▶ _Problem description_: Starting with the line that contains "this 2212×1659 image.", give again exactly and only each line through the end of the records; include the last line and exclude pictures.

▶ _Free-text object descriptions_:
------------------------

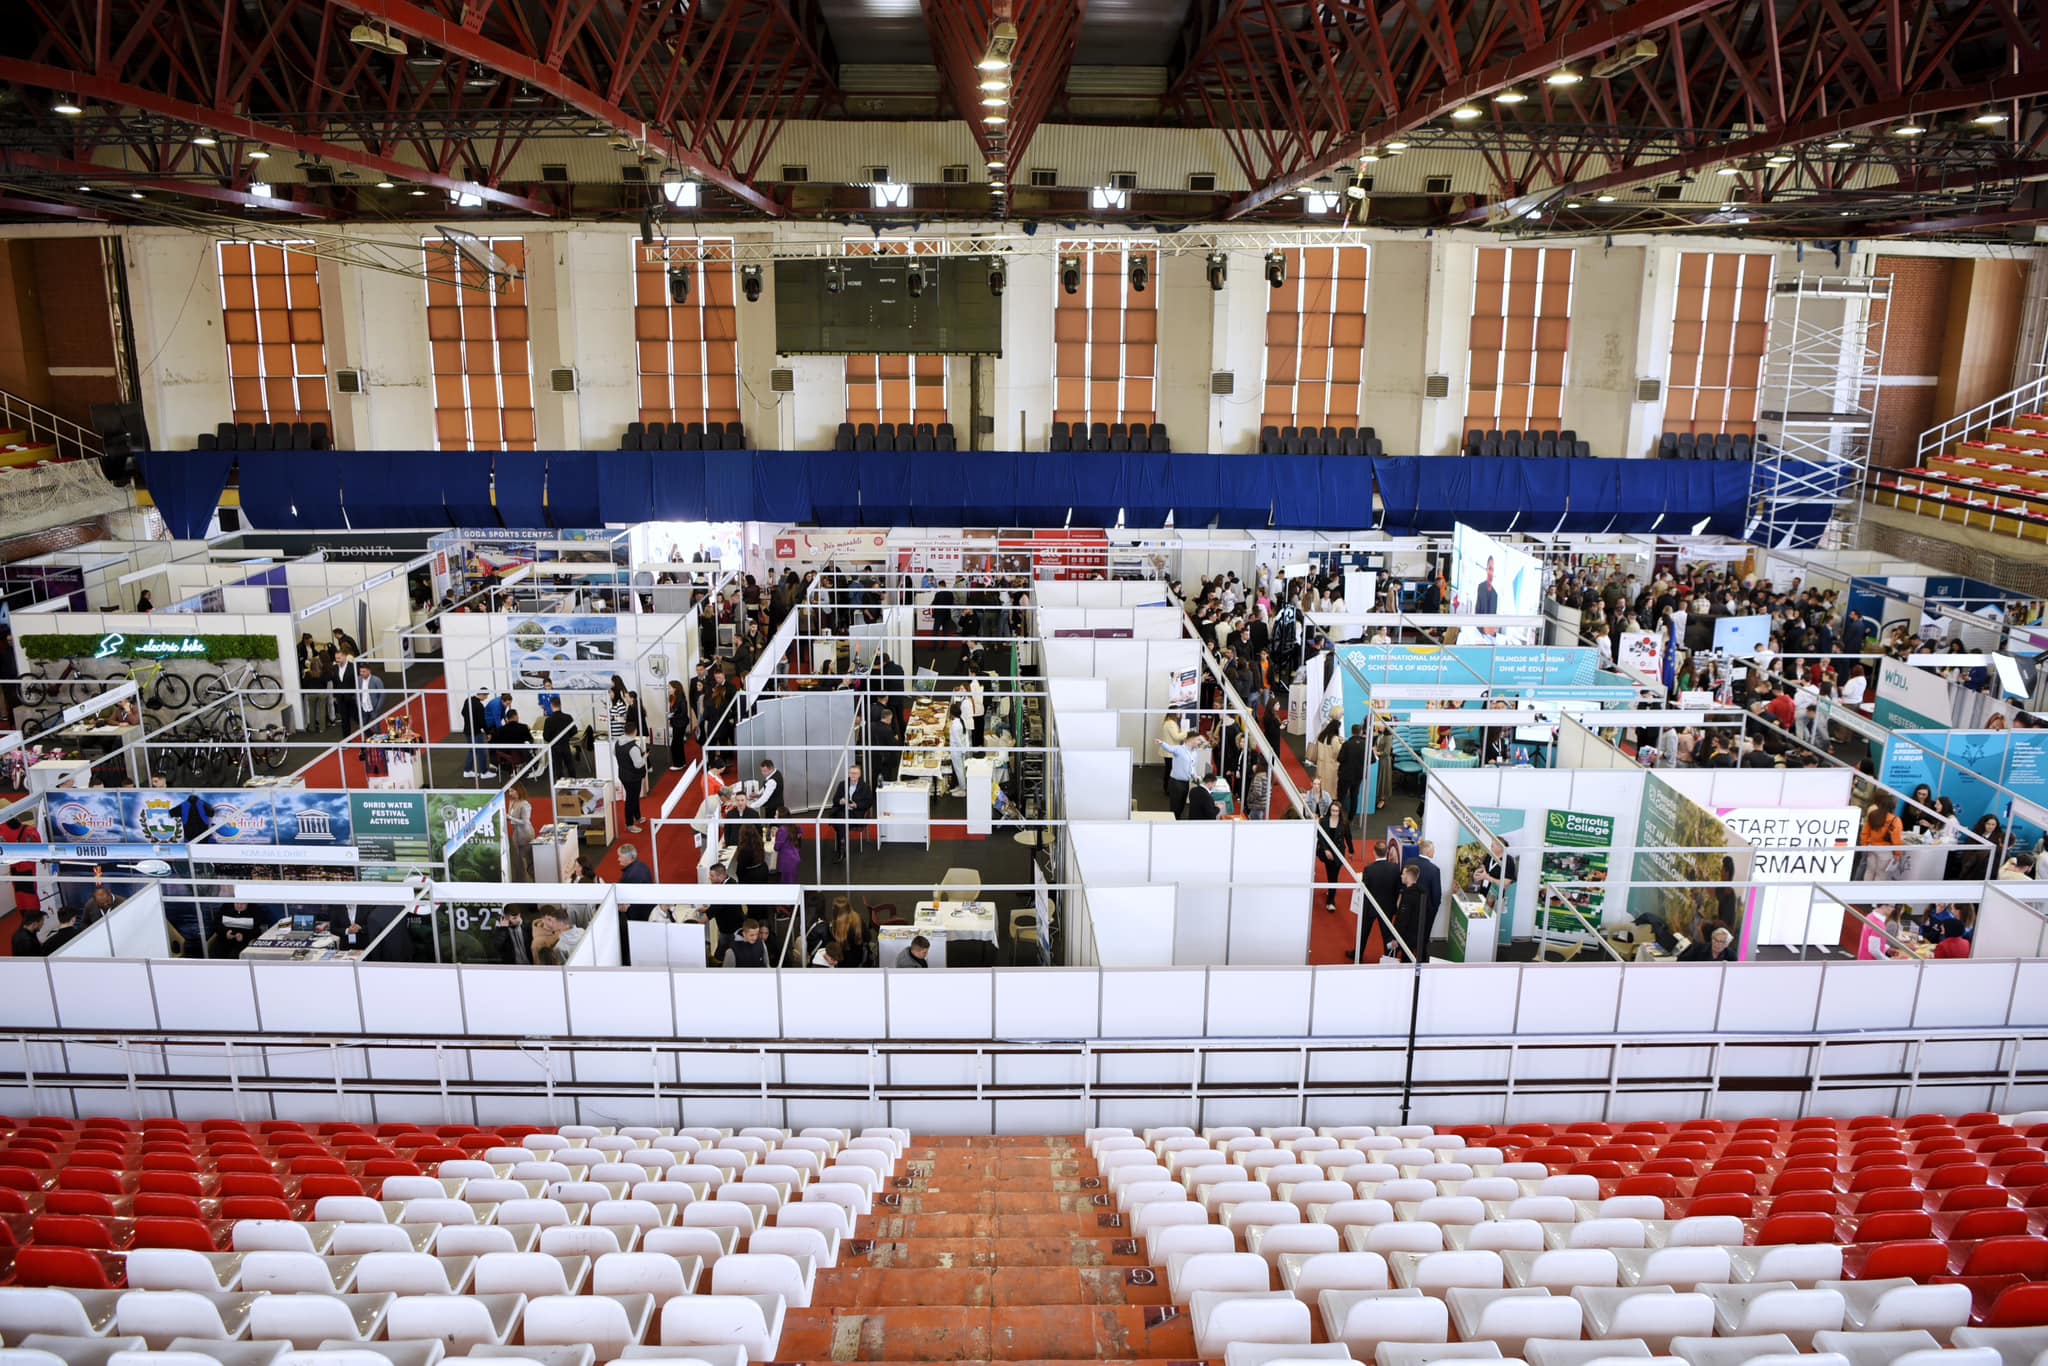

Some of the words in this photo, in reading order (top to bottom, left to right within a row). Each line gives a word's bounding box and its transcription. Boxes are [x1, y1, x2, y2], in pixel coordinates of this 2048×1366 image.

[341, 546, 394, 556] BONITA
[1567, 815, 1609, 827] Perrotis
[1726, 819, 1789, 834] START
[1796, 819, 1850, 834] YOUR
[1566, 822, 1610, 835] College
[76, 847, 108, 857] OHRID
[1756, 855, 1845, 874] RMANY
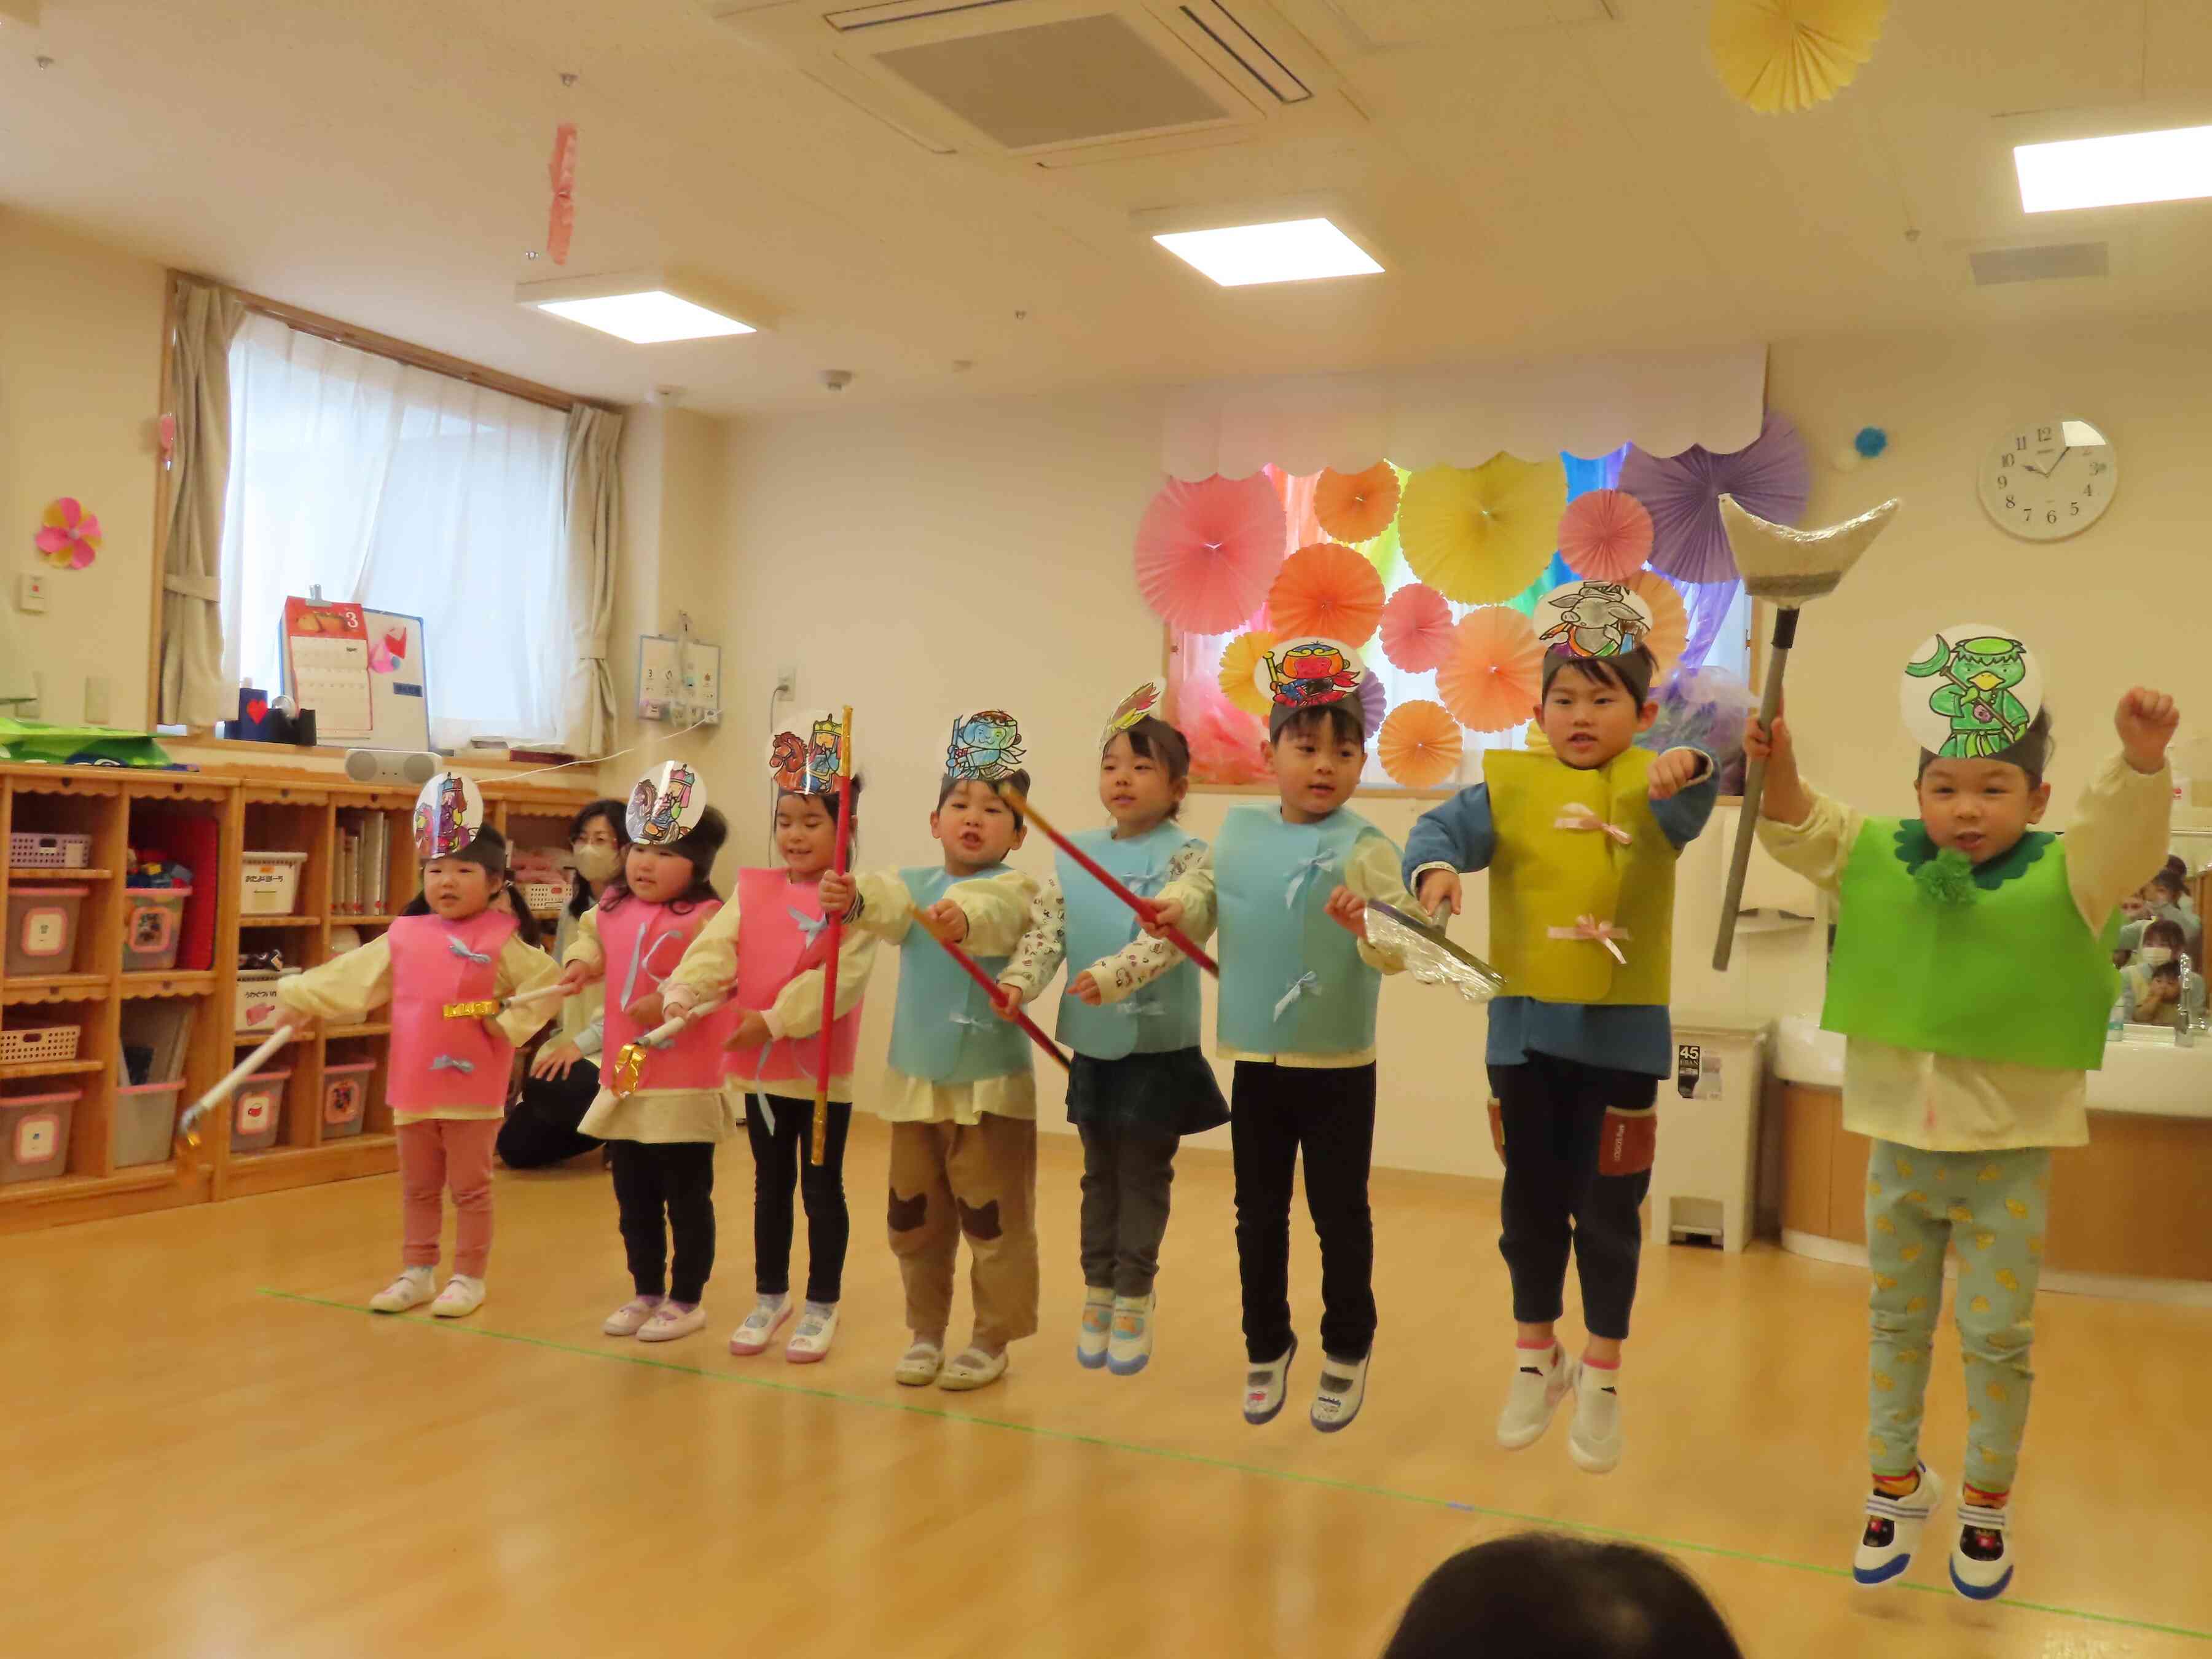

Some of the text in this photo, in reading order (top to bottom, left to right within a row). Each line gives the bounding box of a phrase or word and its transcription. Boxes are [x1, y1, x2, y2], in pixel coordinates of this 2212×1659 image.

[2037, 427, 2052, 441] 12
[2016, 436, 2026, 450] 11
[2001, 453, 2015, 467] 10
[1998, 476, 2007, 489] 9
[2083, 484, 2093, 496] 4
[2006, 495, 2016, 509] 8
[2070, 501, 2079, 516] 5
[2023, 509, 2032, 521] 7
[2047, 510, 2057, 524] 6
[345, 611, 358, 628] 3
[1680, 1046, 1699, 1059] 45
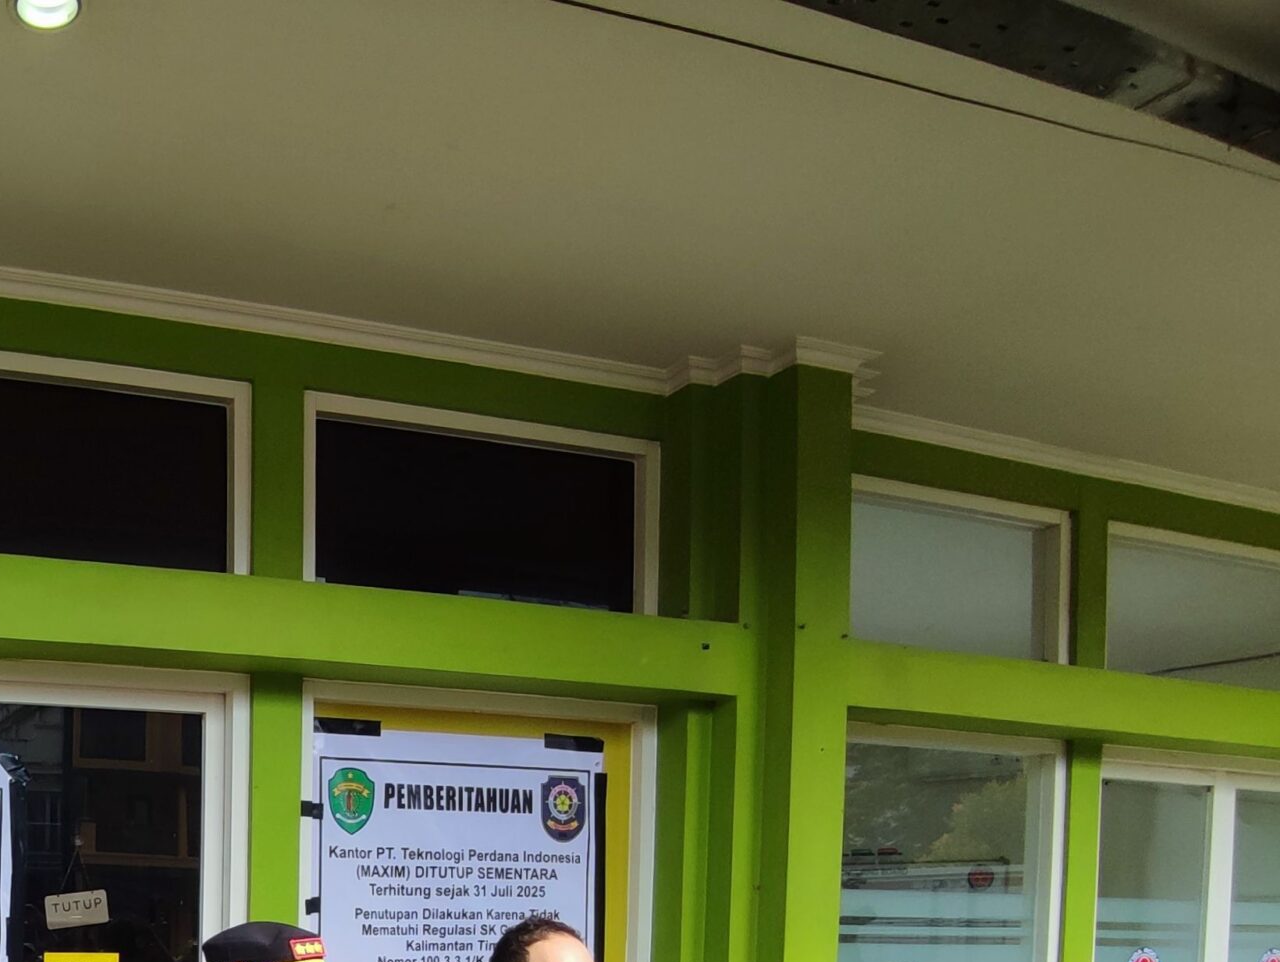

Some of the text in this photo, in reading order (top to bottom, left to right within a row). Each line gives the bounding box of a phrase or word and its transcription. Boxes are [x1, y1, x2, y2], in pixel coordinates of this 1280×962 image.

[383, 782, 533, 815] PEMBERITAHUAN
[328, 845, 581, 865] Kantor PT. Teknologi Perdana Indonesia
[356, 864, 558, 881] (MAXIM) DITUTUP SEMENTARA
[368, 883, 546, 901] Terhitung sejak 31 Juli 2025
[52, 897, 102, 913] TUTUP
[354, 907, 560, 923] Penutupan Dilakukan Karena Tidak
[361, 923, 419, 936] Mematuhi
[422, 923, 476, 939] Regulasi
[479, 923, 497, 936] SK
[406, 939, 474, 952] Kalimantan

------------------------

▶ _Your response_:
Some of the text in this photo, in reading order (top to bottom, left to right within a row). Each line gives the bounding box of a phrase or word and its transcription. Boxes are [x1, y1, x2, y2], in pixel coordinates of this 2212×1659 image.

[2037, 427, 2052, 441] 12
[2016, 436, 2026, 450] 11
[2001, 453, 2015, 467] 10
[1998, 476, 2007, 489] 9
[2083, 484, 2093, 496] 4
[2006, 495, 2016, 509] 8
[2070, 501, 2079, 516] 5
[2023, 509, 2032, 521] 7
[2047, 510, 2057, 524] 6
[345, 611, 358, 628] 3
[1680, 1046, 1699, 1059] 45

Some of the text in this photo, in reading order (top to bottom, left to right within a row). Each line gives the bounding box of a phrase or word and its transcription. Boxes are [x1, y1, x2, y2], in pixel coordinates of this 1280×962 image.

[383, 782, 533, 815] PEMBERITAHUAN
[328, 845, 581, 865] Kantor PT. Teknologi Perdana Indonesia
[356, 864, 558, 881] (MAXIM) DITUTUP SEMENTARA
[368, 883, 546, 901] Terhitung sejak 31 Juli 2025
[52, 897, 102, 913] TUTUP
[354, 907, 560, 923] Penutupan Dilakukan Karena Tidak
[361, 923, 419, 936] Mematuhi
[422, 923, 476, 939] Regulasi
[479, 923, 497, 936] SK
[406, 939, 474, 952] Kalimantan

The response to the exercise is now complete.